START Material provided
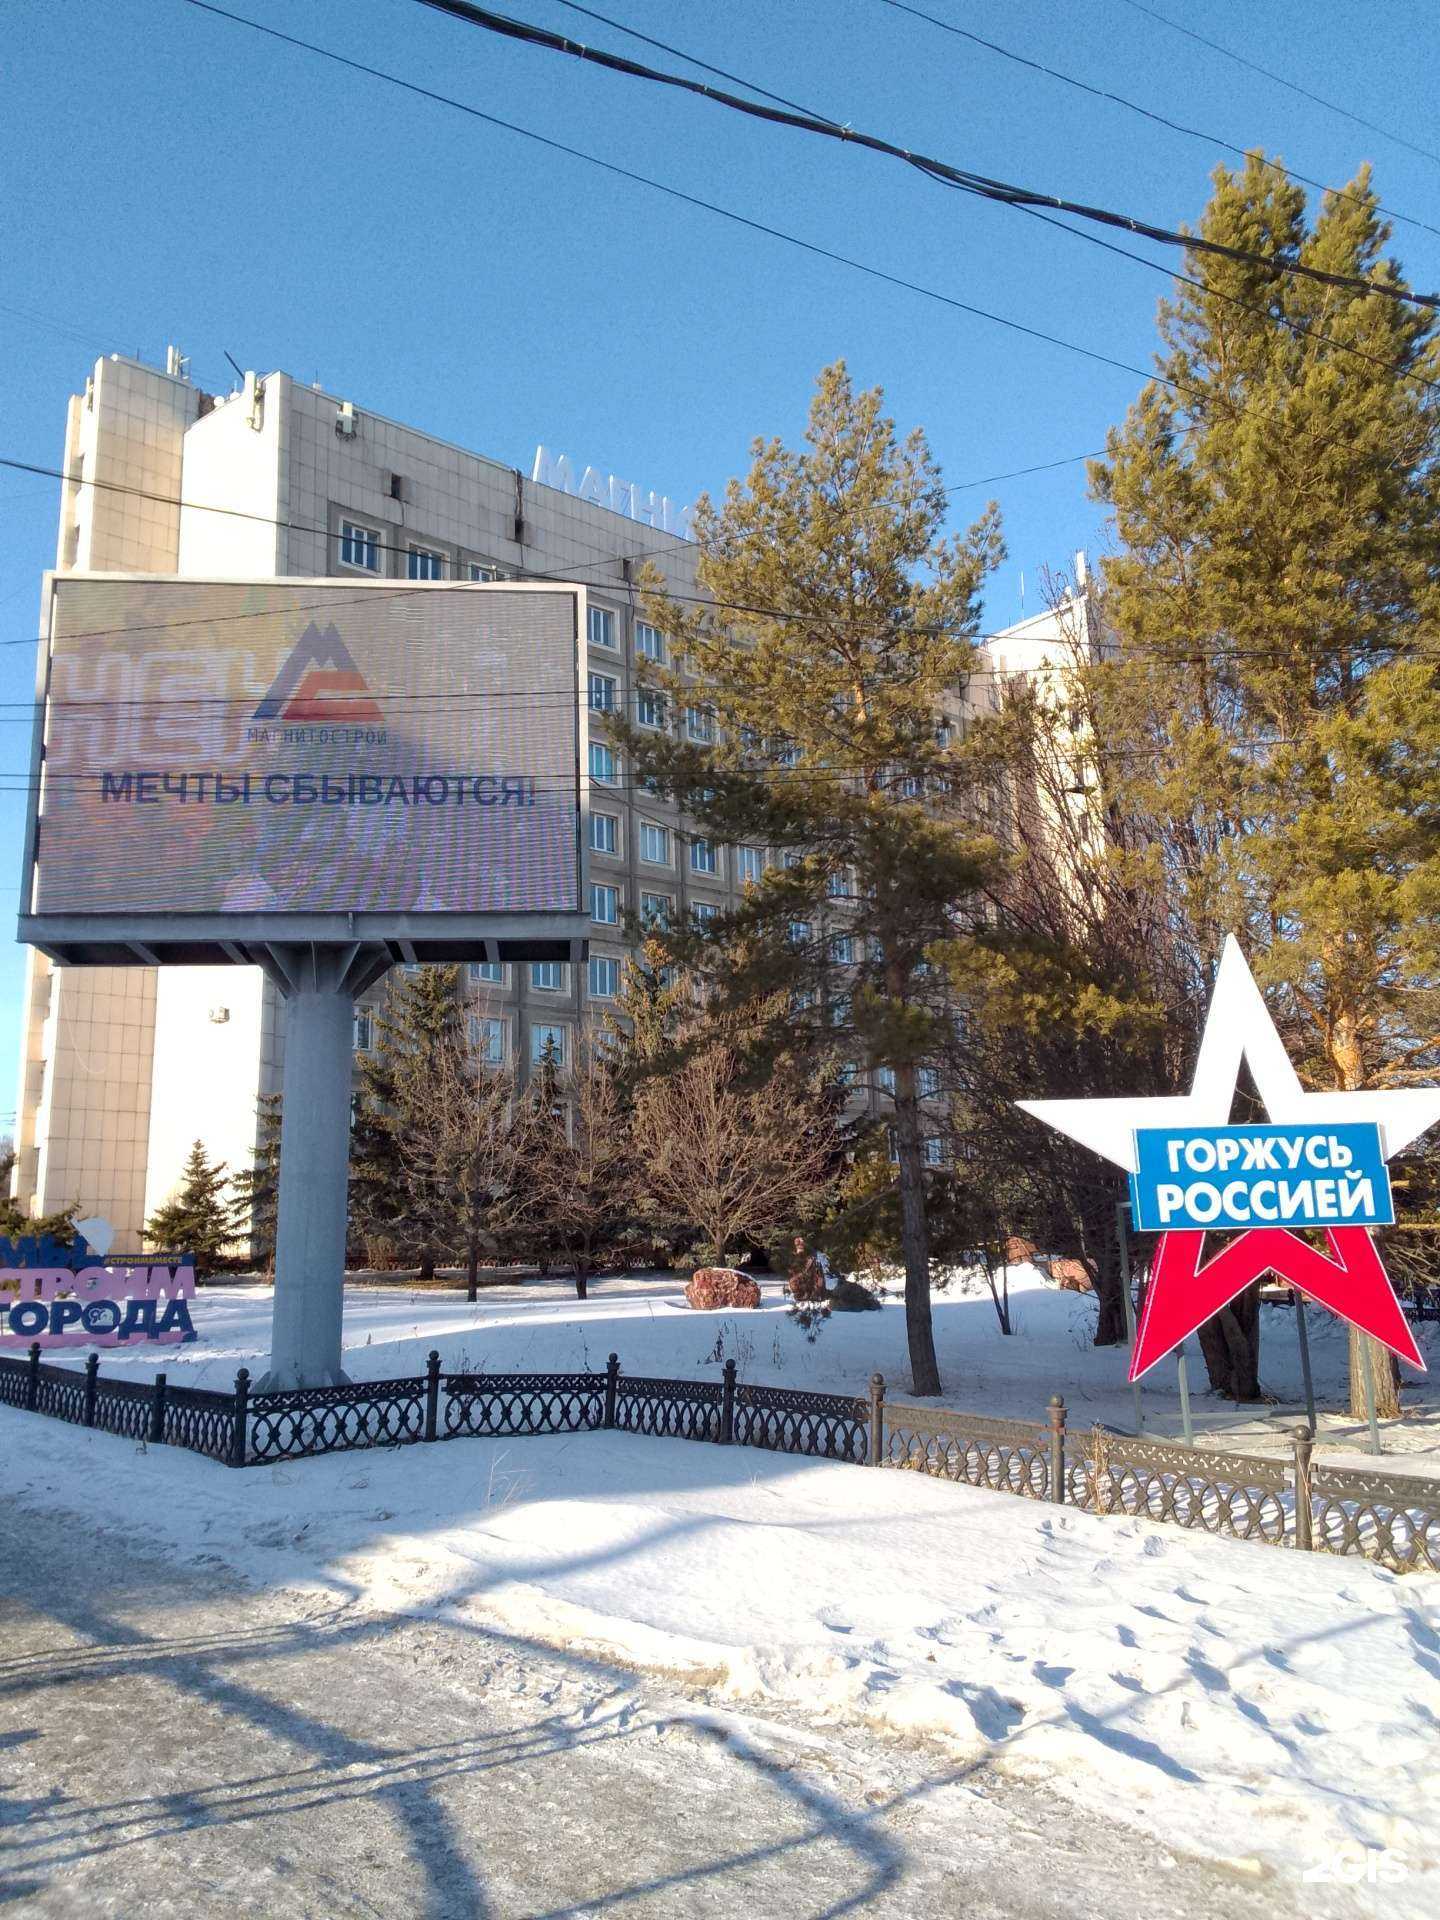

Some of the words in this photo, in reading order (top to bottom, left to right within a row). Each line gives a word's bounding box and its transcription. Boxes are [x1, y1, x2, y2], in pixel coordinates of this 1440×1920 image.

[101, 771, 249, 803] МЕЧТЫ
[264, 773, 536, 806] СБЫВАЮТСЯ!
[1167, 1135, 1353, 1173] ГОРЖУСЬ
[1156, 1169, 1376, 1223] РОССИЕЙ
END Material provided
- Instructions for the task -
Repeat the records in full, precisely, and keep the pictures out.

- Response box -
Some of the words in this photo, in reading order (top to bottom, left to right within a row). Each line gives a word's bounding box and its transcription. Boxes are [x1, y1, x2, y2], in pixel coordinates of this 1440×1920 image.

[101, 771, 249, 803] МЕЧТЫ
[264, 773, 536, 806] СБЫВАЮТСЯ!
[1167, 1135, 1353, 1173] ГОРЖУСЬ
[1156, 1169, 1376, 1223] РОССИЕЙ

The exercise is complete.